=== Begin Enclosure ===
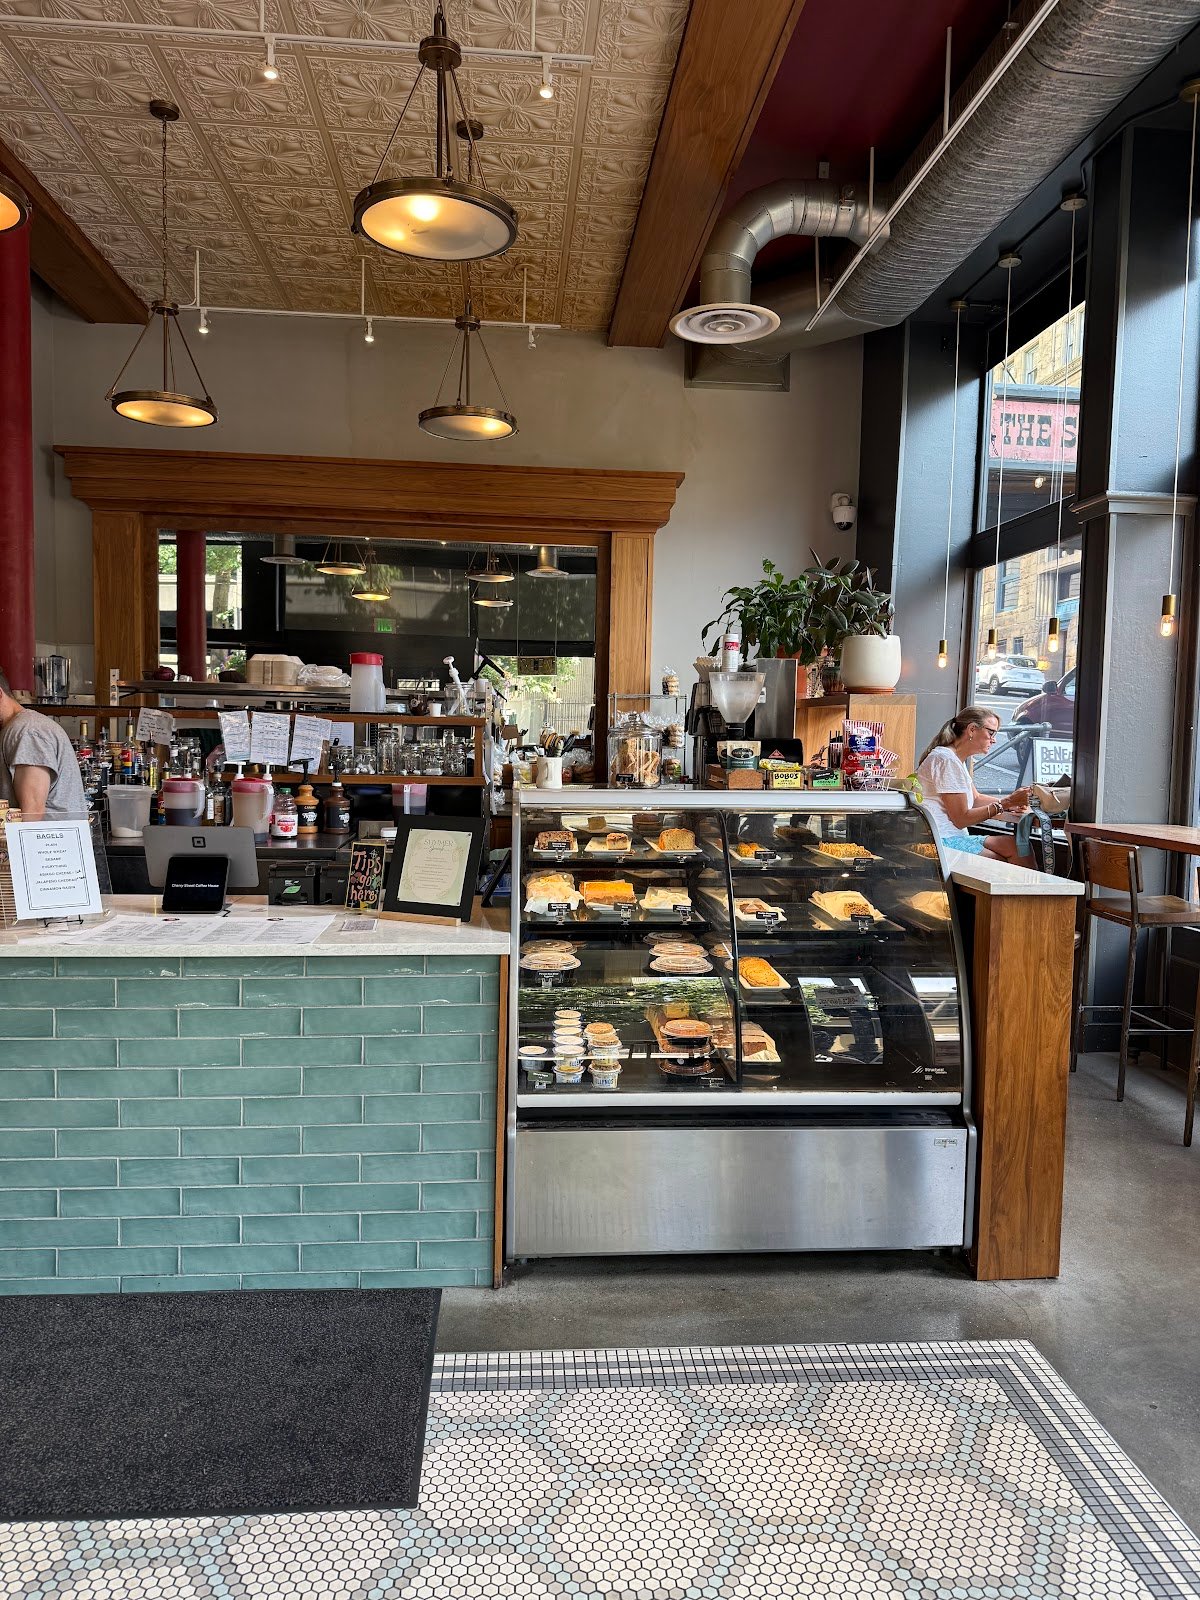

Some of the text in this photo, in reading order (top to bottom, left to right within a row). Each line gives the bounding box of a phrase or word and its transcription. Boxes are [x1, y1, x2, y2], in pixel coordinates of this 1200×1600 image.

[1000, 413, 1052, 448] THE
[848, 753, 876, 761] Original
[36, 832, 64, 840] BAGELS
[353, 850, 382, 877] Tips
[356, 874, 372, 890] go
[350, 884, 377, 904] here
=== End Enclosure ===
**Work to complete:** Your answer should be every line above, written out exactly, with no pictures.

**Output of the exercise:**
Some of the text in this photo, in reading order (top to bottom, left to right within a row). Each line gives the bounding box of a phrase or word and its transcription. Boxes are [x1, y1, x2, y2], in pixel coordinates of this 1200×1600 image.

[1000, 413, 1052, 448] THE
[848, 753, 876, 761] Original
[36, 832, 64, 840] BAGELS
[353, 850, 382, 877] Tips
[356, 874, 372, 890] go
[350, 884, 377, 904] here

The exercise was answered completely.